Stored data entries
____

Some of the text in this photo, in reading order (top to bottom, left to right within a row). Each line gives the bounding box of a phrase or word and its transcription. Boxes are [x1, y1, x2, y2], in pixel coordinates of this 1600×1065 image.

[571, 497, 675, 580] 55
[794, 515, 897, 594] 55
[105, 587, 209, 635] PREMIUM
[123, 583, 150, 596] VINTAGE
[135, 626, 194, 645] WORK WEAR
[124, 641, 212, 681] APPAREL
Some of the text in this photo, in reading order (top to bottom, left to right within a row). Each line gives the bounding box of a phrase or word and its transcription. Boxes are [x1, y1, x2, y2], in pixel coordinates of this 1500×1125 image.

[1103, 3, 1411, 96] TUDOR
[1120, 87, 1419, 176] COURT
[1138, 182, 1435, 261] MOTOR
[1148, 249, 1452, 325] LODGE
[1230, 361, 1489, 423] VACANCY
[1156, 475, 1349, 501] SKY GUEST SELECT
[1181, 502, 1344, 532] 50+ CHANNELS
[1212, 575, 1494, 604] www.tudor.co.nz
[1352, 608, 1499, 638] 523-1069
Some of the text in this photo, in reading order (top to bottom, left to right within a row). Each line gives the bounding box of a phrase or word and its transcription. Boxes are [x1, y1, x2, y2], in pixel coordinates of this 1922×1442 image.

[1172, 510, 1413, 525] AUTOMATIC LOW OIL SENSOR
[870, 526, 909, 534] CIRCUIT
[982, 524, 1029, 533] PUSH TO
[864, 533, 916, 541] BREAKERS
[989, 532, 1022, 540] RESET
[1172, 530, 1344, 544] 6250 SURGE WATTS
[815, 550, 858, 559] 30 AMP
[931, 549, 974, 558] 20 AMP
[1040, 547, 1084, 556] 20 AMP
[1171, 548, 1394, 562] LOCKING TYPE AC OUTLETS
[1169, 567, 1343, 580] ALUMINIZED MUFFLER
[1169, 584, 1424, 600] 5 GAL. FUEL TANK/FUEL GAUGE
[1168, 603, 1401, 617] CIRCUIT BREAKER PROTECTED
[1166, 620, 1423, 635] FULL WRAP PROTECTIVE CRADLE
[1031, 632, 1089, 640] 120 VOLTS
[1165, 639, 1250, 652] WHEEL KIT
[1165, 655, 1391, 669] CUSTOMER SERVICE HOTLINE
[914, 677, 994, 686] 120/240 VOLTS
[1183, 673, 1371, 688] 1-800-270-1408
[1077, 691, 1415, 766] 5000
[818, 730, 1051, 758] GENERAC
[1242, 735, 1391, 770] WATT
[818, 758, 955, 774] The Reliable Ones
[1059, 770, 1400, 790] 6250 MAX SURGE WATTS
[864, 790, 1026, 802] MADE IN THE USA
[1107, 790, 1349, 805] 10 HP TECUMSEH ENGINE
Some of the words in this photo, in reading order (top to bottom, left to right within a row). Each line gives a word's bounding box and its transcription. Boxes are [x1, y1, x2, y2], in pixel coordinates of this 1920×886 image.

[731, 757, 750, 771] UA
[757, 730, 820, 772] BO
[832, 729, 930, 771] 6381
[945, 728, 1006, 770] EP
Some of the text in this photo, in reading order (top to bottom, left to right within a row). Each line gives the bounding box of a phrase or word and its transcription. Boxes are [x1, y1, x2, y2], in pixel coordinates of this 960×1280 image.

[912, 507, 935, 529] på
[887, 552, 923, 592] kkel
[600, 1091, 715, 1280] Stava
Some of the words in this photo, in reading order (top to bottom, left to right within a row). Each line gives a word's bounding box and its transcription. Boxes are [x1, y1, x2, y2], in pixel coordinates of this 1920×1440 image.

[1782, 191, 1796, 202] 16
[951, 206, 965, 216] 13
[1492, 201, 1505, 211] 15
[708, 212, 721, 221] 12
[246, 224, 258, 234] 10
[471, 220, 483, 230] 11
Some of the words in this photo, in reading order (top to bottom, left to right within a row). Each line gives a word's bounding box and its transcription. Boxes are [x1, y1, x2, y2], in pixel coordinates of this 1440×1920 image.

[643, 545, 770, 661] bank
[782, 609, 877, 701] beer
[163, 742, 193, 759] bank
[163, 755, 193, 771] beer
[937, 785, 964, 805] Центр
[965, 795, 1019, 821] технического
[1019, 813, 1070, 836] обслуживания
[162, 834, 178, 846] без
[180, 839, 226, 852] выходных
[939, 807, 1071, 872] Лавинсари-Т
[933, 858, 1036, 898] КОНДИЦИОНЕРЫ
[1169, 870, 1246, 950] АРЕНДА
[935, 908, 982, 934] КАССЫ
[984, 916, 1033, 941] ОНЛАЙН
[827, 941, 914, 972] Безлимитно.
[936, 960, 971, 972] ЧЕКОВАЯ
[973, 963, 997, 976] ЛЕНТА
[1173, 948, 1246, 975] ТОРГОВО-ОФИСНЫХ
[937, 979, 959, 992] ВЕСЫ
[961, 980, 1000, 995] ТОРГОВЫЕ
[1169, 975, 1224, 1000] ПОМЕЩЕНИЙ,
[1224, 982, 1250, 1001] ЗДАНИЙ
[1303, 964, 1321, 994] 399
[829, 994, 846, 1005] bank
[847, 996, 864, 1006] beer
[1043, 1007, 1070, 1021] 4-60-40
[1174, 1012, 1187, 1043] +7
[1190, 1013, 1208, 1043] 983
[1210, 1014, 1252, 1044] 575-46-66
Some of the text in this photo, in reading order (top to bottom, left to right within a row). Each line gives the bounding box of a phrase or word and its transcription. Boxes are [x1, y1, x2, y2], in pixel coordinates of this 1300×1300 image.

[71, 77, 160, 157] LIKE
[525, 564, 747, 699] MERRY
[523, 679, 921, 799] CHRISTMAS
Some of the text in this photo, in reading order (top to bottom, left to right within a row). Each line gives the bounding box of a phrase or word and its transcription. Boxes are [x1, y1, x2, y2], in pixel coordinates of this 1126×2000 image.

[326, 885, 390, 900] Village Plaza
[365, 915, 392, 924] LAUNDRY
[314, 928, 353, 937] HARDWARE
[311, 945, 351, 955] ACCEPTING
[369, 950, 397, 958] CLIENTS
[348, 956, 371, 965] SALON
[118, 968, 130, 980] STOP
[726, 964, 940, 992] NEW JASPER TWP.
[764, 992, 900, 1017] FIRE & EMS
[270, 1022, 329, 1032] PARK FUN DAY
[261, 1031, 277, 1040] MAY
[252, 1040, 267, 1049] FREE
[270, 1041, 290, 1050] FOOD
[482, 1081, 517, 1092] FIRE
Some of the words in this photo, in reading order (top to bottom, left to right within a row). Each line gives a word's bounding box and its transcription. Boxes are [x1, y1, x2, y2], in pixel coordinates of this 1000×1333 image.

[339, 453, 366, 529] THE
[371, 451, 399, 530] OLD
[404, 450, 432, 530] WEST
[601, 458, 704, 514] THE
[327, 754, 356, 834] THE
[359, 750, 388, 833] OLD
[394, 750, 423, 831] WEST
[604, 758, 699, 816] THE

____

From the first line to the last, reproduce the data exactly.

# COMPLETED EXERCISE
Some of the text in this photo, in reading order (top to bottom, left to right within a row). Each line gives the bounding box of a phrase or word and its transcription. Boxes are [x1, y1, x2, y2], in pixel coordinates of this 1600×1065 image.

[571, 497, 675, 580] 55
[794, 515, 897, 594] 55
[105, 587, 209, 635] PREMIUM
[123, 583, 150, 596] VINTAGE
[135, 626, 194, 645] WORK WEAR
[124, 641, 212, 681] APPAREL
Some of the text in this photo, in reading order (top to bottom, left to right within a row). Each line gives the bounding box of a phrase or word and its transcription. Boxes are [x1, y1, x2, y2], in pixel coordinates of this 1500×1125 image.

[1103, 3, 1411, 96] TUDOR
[1120, 87, 1419, 176] COURT
[1138, 182, 1435, 261] MOTOR
[1148, 249, 1452, 325] LODGE
[1230, 361, 1489, 423] VACANCY
[1156, 475, 1349, 501] SKY GUEST SELECT
[1181, 502, 1344, 532] 50+ CHANNELS
[1212, 575, 1494, 604] www.tudor.co.nz
[1352, 608, 1499, 638] 523-1069
Some of the text in this photo, in reading order (top to bottom, left to right within a row). Each line gives the bounding box of a phrase or word and its transcription. Boxes are [x1, y1, x2, y2], in pixel coordinates of this 1922×1442 image.

[1172, 510, 1413, 525] AUTOMATIC LOW OIL SENSOR
[870, 526, 909, 534] CIRCUIT
[982, 524, 1029, 533] PUSH TO
[864, 533, 916, 541] BREAKERS
[989, 532, 1022, 540] RESET
[1172, 530, 1344, 544] 6250 SURGE WATTS
[815, 550, 858, 559] 30 AMP
[931, 549, 974, 558] 20 AMP
[1040, 547, 1084, 556] 20 AMP
[1171, 548, 1394, 562] LOCKING TYPE AC OUTLETS
[1169, 567, 1343, 580] ALUMINIZED MUFFLER
[1169, 584, 1424, 600] 5 GAL. FUEL TANK/FUEL GAUGE
[1168, 603, 1401, 617] CIRCUIT BREAKER PROTECTED
[1166, 620, 1423, 635] FULL WRAP PROTECTIVE CRADLE
[1031, 632, 1089, 640] 120 VOLTS
[1165, 639, 1250, 652] WHEEL KIT
[1165, 655, 1391, 669] CUSTOMER SERVICE HOTLINE
[914, 677, 994, 686] 120/240 VOLTS
[1183, 673, 1371, 688] 1-800-270-1408
[1077, 691, 1415, 766] 5000
[818, 730, 1051, 758] GENERAC
[1242, 735, 1391, 770] WATT
[818, 758, 955, 774] The Reliable Ones
[1059, 770, 1400, 790] 6250 MAX SURGE WATTS
[864, 790, 1026, 802] MADE IN THE USA
[1107, 790, 1349, 805] 10 HP TECUMSEH ENGINE
Some of the words in this photo, in reading order (top to bottom, left to right within a row). Each line gives a word's bounding box and its transcription. Boxes are [x1, y1, x2, y2], in pixel coordinates of this 1920×886 image.

[731, 757, 750, 771] UA
[757, 730, 820, 772] BO
[832, 729, 930, 771] 6381
[945, 728, 1006, 770] EP
Some of the text in this photo, in reading order (top to bottom, left to right within a row). Each line gives the bounding box of a phrase or word and its transcription. Boxes are [x1, y1, x2, y2], in pixel coordinates of this 960×1280 image.

[912, 507, 935, 529] på
[887, 552, 923, 592] kkel
[600, 1091, 715, 1280] Stava
Some of the words in this photo, in reading order (top to bottom, left to right within a row). Each line gives a word's bounding box and its transcription. Boxes are [x1, y1, x2, y2], in pixel coordinates of this 1920×1440 image.

[1782, 191, 1796, 202] 16
[951, 206, 965, 216] 13
[1492, 201, 1505, 211] 15
[708, 212, 721, 221] 12
[246, 224, 258, 234] 10
[471, 220, 483, 230] 11
Some of the words in this photo, in reading order (top to bottom, left to right within a row). Each line gives a word's bounding box and its transcription. Boxes are [x1, y1, x2, y2], in pixel coordinates of this 1440×1920 image.

[643, 545, 770, 661] bank
[782, 609, 877, 701] beer
[163, 742, 193, 759] bank
[163, 755, 193, 771] beer
[937, 785, 964, 805] Центр
[965, 795, 1019, 821] технического
[1019, 813, 1070, 836] обслуживания
[162, 834, 178, 846] без
[180, 839, 226, 852] выходных
[939, 807, 1071, 872] Лавинсари-Т
[933, 858, 1036, 898] КОНДИЦИОНЕРЫ
[1169, 870, 1246, 950] АРЕНДА
[935, 908, 982, 934] КАССЫ
[984, 916, 1033, 941] ОНЛАЙН
[827, 941, 914, 972] Безлимитно.
[936, 960, 971, 972] ЧЕКОВАЯ
[973, 963, 997, 976] ЛЕНТА
[1173, 948, 1246, 975] ТОРГОВО-ОФИСНЫХ
[937, 979, 959, 992] ВЕСЫ
[961, 980, 1000, 995] ТОРГОВЫЕ
[1169, 975, 1224, 1000] ПОМЕЩЕНИЙ,
[1224, 982, 1250, 1001] ЗДАНИЙ
[1303, 964, 1321, 994] 399
[829, 994, 846, 1005] bank
[847, 996, 864, 1006] beer
[1043, 1007, 1070, 1021] 4-60-40
[1174, 1012, 1187, 1043] +7
[1190, 1013, 1208, 1043] 983
[1210, 1014, 1252, 1044] 575-46-66
Some of the text in this photo, in reading order (top to bottom, left to right within a row). Each line gives the bounding box of a phrase or word and its transcription. Boxes are [x1, y1, x2, y2], in pixel coordinates of this 1300×1300 image.

[71, 77, 160, 157] LIKE
[525, 564, 747, 699] MERRY
[523, 679, 921, 799] CHRISTMAS
Some of the text in this photo, in reading order (top to bottom, left to right within a row). Each line gives the bounding box of a phrase or word and its transcription. Boxes are [x1, y1, x2, y2], in pixel coordinates of this 1126×2000 image.

[326, 885, 390, 900] Village Plaza
[365, 915, 392, 924] LAUNDRY
[314, 928, 353, 937] HARDWARE
[311, 945, 351, 955] ACCEPTING
[369, 950, 397, 958] CLIENTS
[348, 956, 371, 965] SALON
[118, 968, 130, 980] STOP
[726, 964, 940, 992] NEW JASPER TWP.
[764, 992, 900, 1017] FIRE & EMS
[270, 1022, 329, 1032] PARK FUN DAY
[261, 1031, 277, 1040] MAY
[252, 1040, 267, 1049] FREE
[270, 1041, 290, 1050] FOOD
[482, 1081, 517, 1092] FIRE
Some of the words in this photo, in reading order (top to bottom, left to right within a row). Each line gives a word's bounding box and its transcription. Boxes are [x1, y1, x2, y2], in pixel coordinates of this 1000×1333 image.

[339, 453, 366, 529] THE
[371, 451, 399, 530] OLD
[404, 450, 432, 530] WEST
[601, 458, 704, 514] THE
[327, 754, 356, 834] THE
[359, 750, 388, 833] OLD
[394, 750, 423, 831] WEST
[604, 758, 699, 816] THE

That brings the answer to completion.